#### [Problem details]
Find the line containing "Some of the words" in the entries below. Reproduce that line and each one after it to the end, exactly, with no other lines.

#### [The records]
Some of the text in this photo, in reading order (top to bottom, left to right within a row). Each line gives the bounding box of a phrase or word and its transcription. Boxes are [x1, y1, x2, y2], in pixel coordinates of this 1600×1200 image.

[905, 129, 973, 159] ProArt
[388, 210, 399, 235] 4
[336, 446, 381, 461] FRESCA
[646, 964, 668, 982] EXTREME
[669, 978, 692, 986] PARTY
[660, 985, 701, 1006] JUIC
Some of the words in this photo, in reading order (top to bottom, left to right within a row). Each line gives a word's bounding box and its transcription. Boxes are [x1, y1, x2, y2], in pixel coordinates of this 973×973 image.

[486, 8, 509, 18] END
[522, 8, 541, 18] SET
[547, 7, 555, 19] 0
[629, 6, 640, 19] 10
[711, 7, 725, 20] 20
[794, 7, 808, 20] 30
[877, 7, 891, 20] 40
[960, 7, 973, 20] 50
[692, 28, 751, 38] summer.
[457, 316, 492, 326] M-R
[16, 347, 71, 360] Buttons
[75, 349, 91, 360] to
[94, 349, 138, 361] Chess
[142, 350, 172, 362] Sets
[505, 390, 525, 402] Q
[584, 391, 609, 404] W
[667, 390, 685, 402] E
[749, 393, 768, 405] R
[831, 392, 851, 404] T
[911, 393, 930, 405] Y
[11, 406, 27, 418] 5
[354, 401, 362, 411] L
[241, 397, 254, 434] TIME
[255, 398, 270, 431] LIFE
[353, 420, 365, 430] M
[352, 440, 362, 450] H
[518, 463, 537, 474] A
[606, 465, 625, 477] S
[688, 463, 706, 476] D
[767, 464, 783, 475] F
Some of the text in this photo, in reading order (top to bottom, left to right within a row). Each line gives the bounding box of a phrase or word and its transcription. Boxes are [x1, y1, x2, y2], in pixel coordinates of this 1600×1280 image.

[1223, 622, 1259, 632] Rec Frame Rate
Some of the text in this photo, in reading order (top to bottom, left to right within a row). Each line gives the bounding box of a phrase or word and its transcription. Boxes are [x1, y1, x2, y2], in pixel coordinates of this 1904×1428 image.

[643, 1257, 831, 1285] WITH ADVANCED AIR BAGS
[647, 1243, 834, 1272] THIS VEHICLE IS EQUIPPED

#### [Task response]
Some of the words in this photo, in reading order (top to bottom, left to right within a row). Each line gives a word's bounding box and its transcription. Boxes are [x1, y1, x2, y2], in pixel coordinates of this 973×973 image.

[486, 8, 509, 18] END
[522, 8, 541, 18] SET
[547, 7, 555, 19] 0
[629, 6, 640, 19] 10
[711, 7, 725, 20] 20
[794, 7, 808, 20] 30
[877, 7, 891, 20] 40
[960, 7, 973, 20] 50
[692, 28, 751, 38] summer.
[457, 316, 492, 326] M-R
[16, 347, 71, 360] Buttons
[75, 349, 91, 360] to
[94, 349, 138, 361] Chess
[142, 350, 172, 362] Sets
[505, 390, 525, 402] Q
[584, 391, 609, 404] W
[667, 390, 685, 402] E
[749, 393, 768, 405] R
[831, 392, 851, 404] T
[911, 393, 930, 405] Y
[11, 406, 27, 418] 5
[354, 401, 362, 411] L
[241, 397, 254, 434] TIME
[255, 398, 270, 431] LIFE
[353, 420, 365, 430] M
[352, 440, 362, 450] H
[518, 463, 537, 474] A
[606, 465, 625, 477] S
[688, 463, 706, 476] D
[767, 464, 783, 475] F
Some of the text in this photo, in reading order (top to bottom, left to right within a row). Each line gives the bounding box of a phrase or word and its transcription. Boxes are [x1, y1, x2, y2], in pixel coordinates of this 1600×1280 image.

[1223, 622, 1259, 632] Rec Frame Rate
Some of the text in this photo, in reading order (top to bottom, left to right within a row). Each line gives the bounding box of a phrase or word and its transcription. Boxes are [x1, y1, x2, y2], in pixel coordinates of this 1904×1428 image.

[643, 1257, 831, 1285] WITH ADVANCED AIR BAGS
[647, 1243, 834, 1272] THIS VEHICLE IS EQUIPPED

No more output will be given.